What you’ve now done is create an administrator account without the group policy applied to it.
Log into that account.
Press Windows key + R, type in gpedit.msc
In the left pane select “Administrative Templates > System” under “User Configuration”
Double click ‘Dont run specified Windows Applications’
MAKE SURE to click DISABLED in the new window. and Apply the setting.
Restart your computer and you are now unblocked again.
Adrian says
Hi,
How can I disable this option? Now I can’t access Group Policy Editor or RegEdit. I’m the admin of the laptop.
Thanks.
Mitch Bartlett says
Sounds like a policy your system administrators enabled. Are you in a corporate environment?
Marilyn Lipton says
I get this “…..operation has been cancelled due to restrictions in effect…..” message when I try to open a link in an email message. This never happened before. How can I enable links in email messages?
Thank you.
Jeremy says
Right-click a blank area on the right side and add a new “DWORD (32-bit) Value” named “1“.
I think you mean “Right-click a blank area on the right side and add a new “String Value” named “1“.
Shrenik says
Can I write this in command line or in batch file or in shell cmd. if it is possible then please send me code in my email Id. please reply fast asap. Thanks you in advance
Tyler says
Are you able to use this for a file path applied through the registry? I’m trying to block any .exe’s running from the Downloads folder. I’ve tried using %Userprofile%\downloads and %Userprofile%\downloads\*.exe for the value but neither are working.
Phil says
Walter,
You can create a separate set of group policy rules that only applies to non administrators. I’ve done this in a library where the profile the public logs into has a set of rules to reduce mischief, but the administrator account that I use is is still open. Check out https://www.sevenforums.com/tutorials/101869-local-group-policies-apply-all-users-except-administrators.html to see what I’m talking about.
Walter says
This is great, when you want to block access to a specific program for EVERYBODY. However, I”m trying to setup a public facing machine but I want to be able to login with admin or other accounts and do things but block access to everything except , Log Off, Restart and access to Internet Explorer for a particular account, which will autologin ( I was able to find how to do that through the Registry).. How might I accomplish that? I already used the hidden attribute to hide everything under All Programs. . . or is the not included part of your instructions that you need to do the above under the account you want to block them for? e.g. log in as the account you want to block things for, run gpedit.msc and then Enable the blocks on whatever you want NOT to run?
Josh says
Please put that this for windows 10 only and not for windows server, this just screwed me over so much because i restricted myself to all but one program.

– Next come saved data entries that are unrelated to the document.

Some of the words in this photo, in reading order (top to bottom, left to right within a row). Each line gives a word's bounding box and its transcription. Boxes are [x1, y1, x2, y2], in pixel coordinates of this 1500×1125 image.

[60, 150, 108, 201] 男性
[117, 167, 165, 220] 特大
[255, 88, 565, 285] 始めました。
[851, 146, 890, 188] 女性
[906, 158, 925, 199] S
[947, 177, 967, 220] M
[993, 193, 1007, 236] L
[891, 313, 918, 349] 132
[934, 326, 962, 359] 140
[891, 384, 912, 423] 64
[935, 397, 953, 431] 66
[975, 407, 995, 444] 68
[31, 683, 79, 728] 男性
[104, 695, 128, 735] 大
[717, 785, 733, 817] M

This just costed me so much money and time because i have to reset and reconfigure the whole server.
Stanley says
You can also use BrowseControl’s AppBlocker to block a program from running.

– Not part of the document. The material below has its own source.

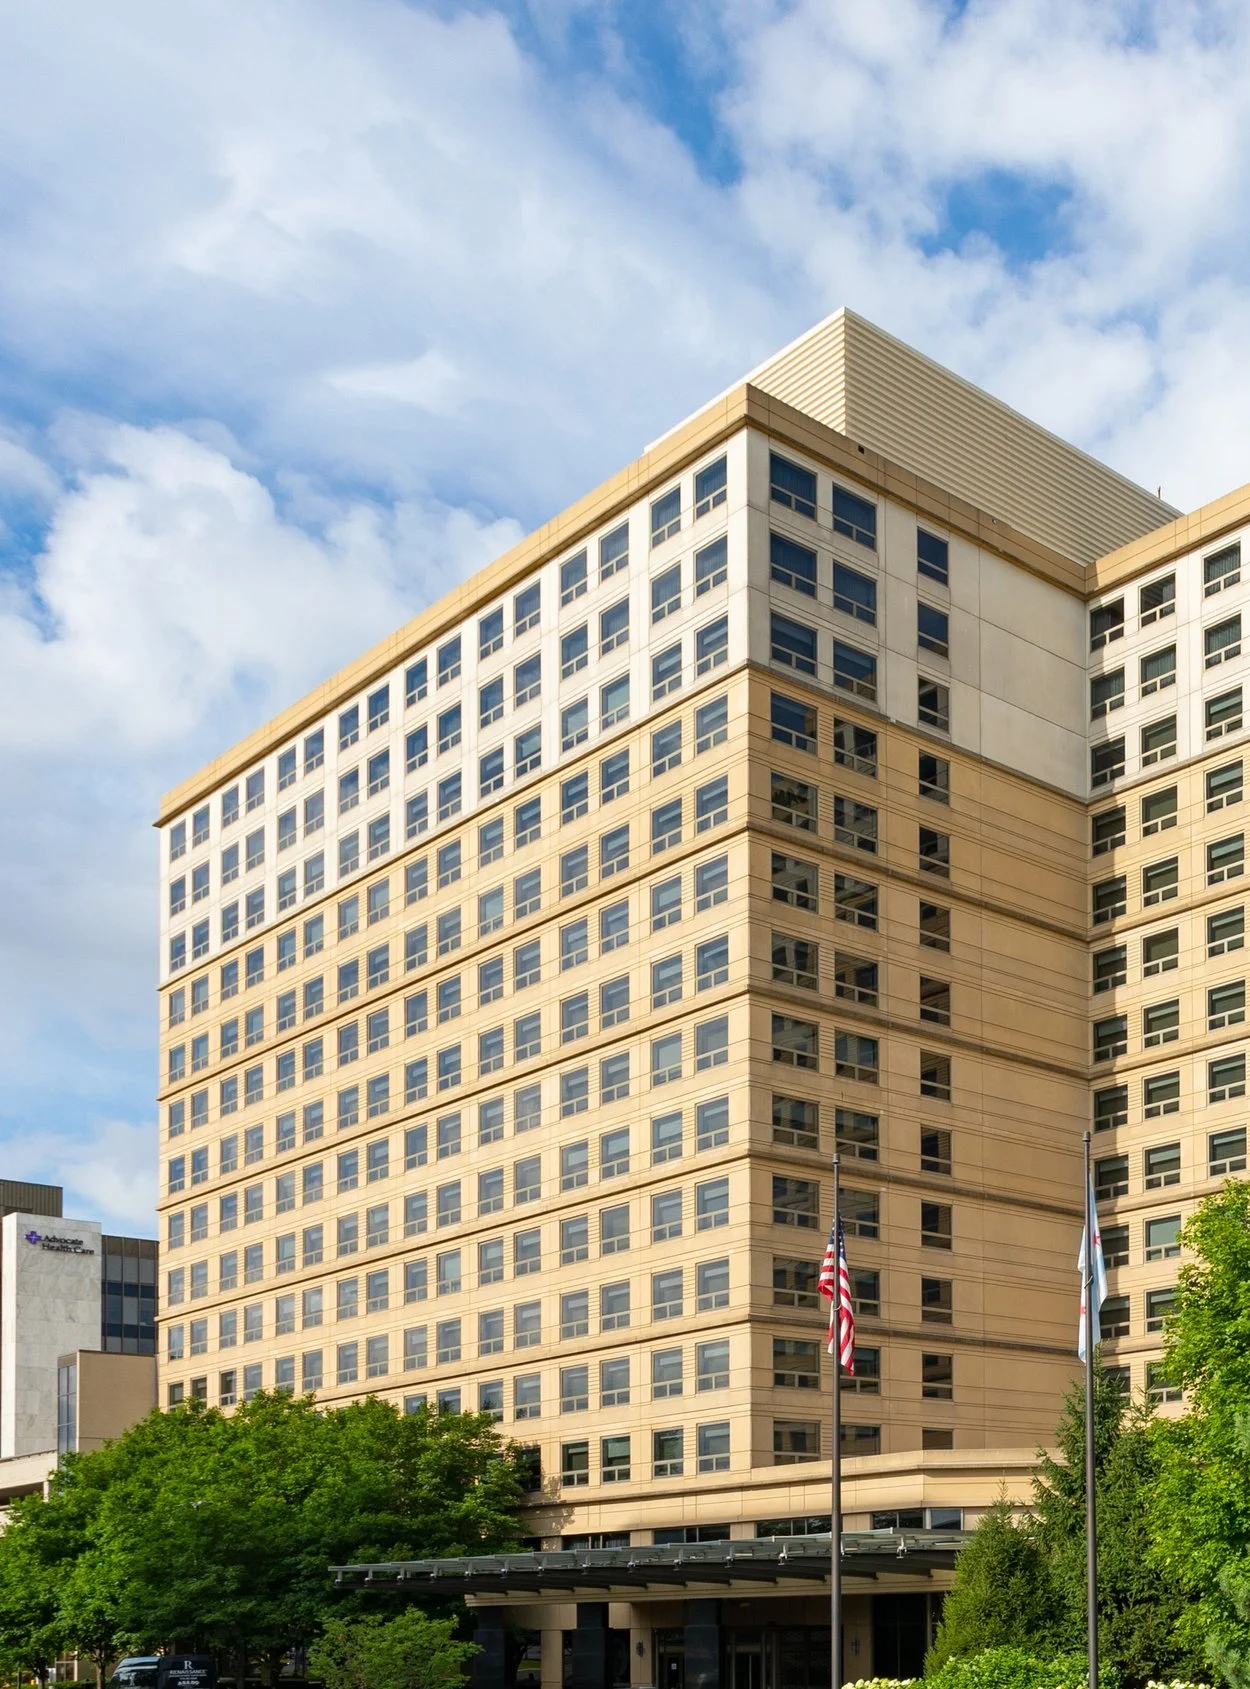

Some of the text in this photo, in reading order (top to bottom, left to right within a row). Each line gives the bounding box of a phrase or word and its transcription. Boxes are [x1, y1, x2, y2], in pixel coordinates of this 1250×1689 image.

[43, 1235, 83, 1245] Advocate
[42, 1243, 94, 1255] Health Care
[184, 1660, 194, 1669] R

With BrowseControl, even if the end user changes the file name, the program will still be blocked.
Johan Hellström says
Thanks for the tutorial, But it seems that it’s possible to open app via cmd and powershell. When i use option 2.
Samuel says
Please ur tutorial is awesome but how can I change the warning massage “This operation has been cancelled due to restrictions in effect on this computer. Please contact your system administrator.” to “corupt” and so that the user will think the app is corrupted. Thanks… Will appreciate if you can help…
carlos says
you made a mistake in step 8, is not a DWORD (32-bit) Value, but string value.